US Military Websites Still Relying On SHA-1

An anonymous reader writes: Netcraft confirms many U.S. Department of Defense websites, including a remote access service used by the Missile Defense Agency, are more vulnerable to man-in-the-middle attacks than most consumer websites. The weaker than previously-thought SHA-1 algorithm is the main culprit, with the DoD today being the most prolific user of SHA-1 signed SSL certificates, even though NIST banned new use of this signature algorithm two years ago. Most of the vulnerable certificates to be issued recently are used by .mil websites, which are operated by agencies, services and divisions of the DoD. All of these sites are consequently vulnerable to attack by enemy governments and criminals who can stump up enough cash ($75,000) to crack the certificates.

Re:Gonna need a reference here...

[Alwin+Henseler]

"... US$75,000 and $120,000 to mount a viable attack using freely available cloud-computing services"

That would be the quick & dirty method then, I suppose? (which admittedly is often the method of choice for black hats)

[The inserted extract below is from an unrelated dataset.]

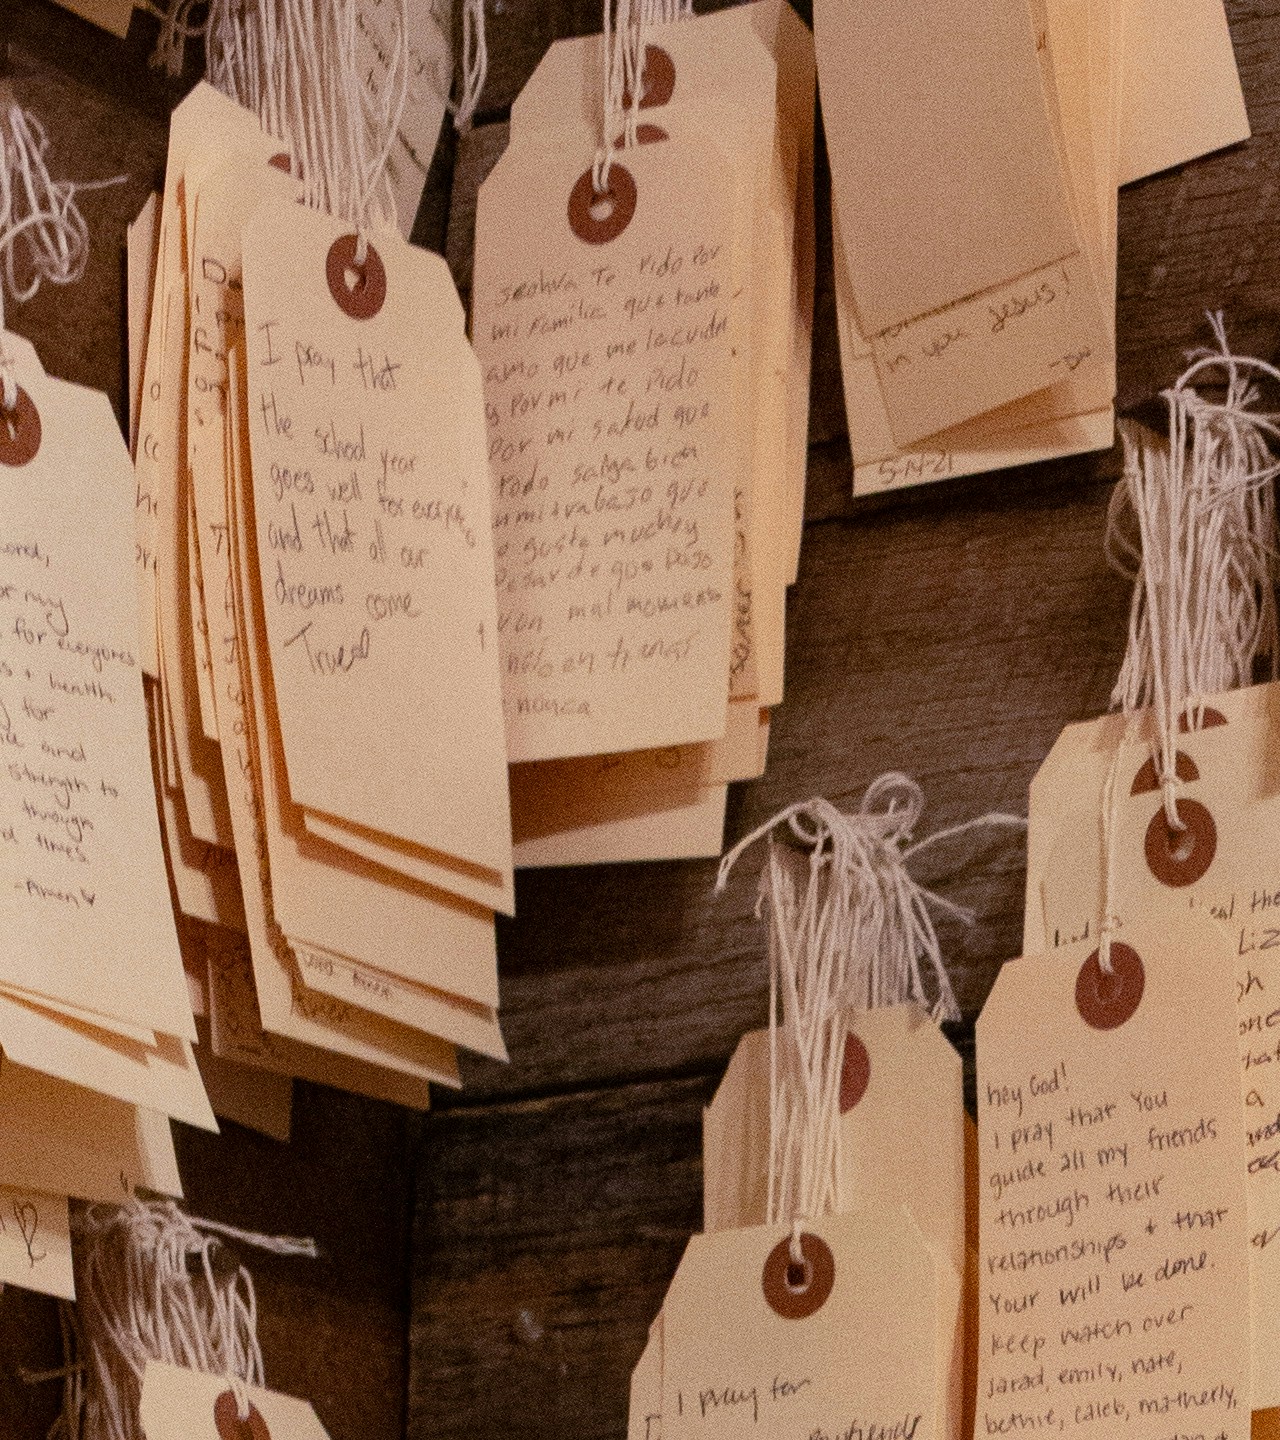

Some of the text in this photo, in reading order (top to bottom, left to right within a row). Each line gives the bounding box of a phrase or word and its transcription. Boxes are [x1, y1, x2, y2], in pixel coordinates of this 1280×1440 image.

But speaking as devil's advocate here: if I were serious / determined enough to throw 75~100K$ at 'cracking some code', wouldn't it make more sense to buy some serious FPGA boards and do it in hardware? This looks like the kind of job where an FPGA-based setup could do it a lot faster, cheaper, or more efficient than some software running on cloud services.

Sure setting that up is specialist work. But hey with 75K to blow on it you can hire and/or bribe people, right? And buy a few $5 wrenches while you're at it... ;-)

Btw. that might also mean that for a determined attacker (one that makes the effort to investigate methods more efficient than a software-based method using cloud services), this 75K figure may actually be lower. Read: if there's profit to be made from doing it, someone probably will - soon enough.

Re:Well Of Course They Are

[vtcodger]

A real, bona fide, practicing, reliability engineer explained to me once that military procurement procedures are intentionally biased toward older technologies and minimal upgrading. He said (and I believe him) that the military's nightmare scenario is that they will do something like installing 50000 computer boards in equipment scattered worldwide in poorly accessible equipment only to find that the ROMs they have used lose their memory after three or four years.

Obviously, that's primarily a hardware concern. but it's far from clear that it doesn't have considerable validity for software as well. And it's the way their process is set up.

Personally, I'm far from convinced that the current civilian -- ship now, we'll fix the problems in production -- approach to systems work is going work out well in the long run.

Re:Gonna need a reference here...

[swillden]

A quick search found "SHA-1 hashing algorithm could succumb to $75K attack, researchers say" (08 Oct 15) http://www.pcadvisor.co.uk/new... "... US$75,000 and $120,000 to mount a viable attack using freely available cloud-computing services" "... someone can create two different files that have the same hash, it's possible to digitally sign one" Try searching for 75K or $75,000 by date and see what other public news can be found :)

Which doesn't allow a web site's certificate to be "cracked". The article is bogus.

The $75K-$120K figure is the estimated cost to find a SHA-1 hash collision. That is, to find two inputs that hash to the same value. The inputs will be random byte strings. Researchers have demonstrated that with such a collision it is possible to create two certificates that have the same signature, but in order to do that they also have to construct the RSA signing keys in a particular way.

But collisions do not enable the construction of fake certificates that appear to be signed by an arbitrary, unknown, private key. For that, you'd need to be able to find an input that hashes to a specific value. This is a completely different -- and dramatically harder -- problem than finding two inputs that hash to the same value. In addition, you'd probably need to find an input with a particular structure that hashes to a particular value, which is harder yet.

Good cryptographic hash functions have both "collision resistance" and "second pre-image resistance". SHA-1's collision resistance has been broken, which does make it insecure for certain uses, in algorithms that depend on collision resistance, but doesn't directly affect other uses -- like digital certificates -- that depend only on second pre-image resistance. It does hint that perhaps there is a weakness that may someday allow a second pre-image attack, which makes moving away from SHA-1 a good idea. But it has no direct impact on the security of CA certificates.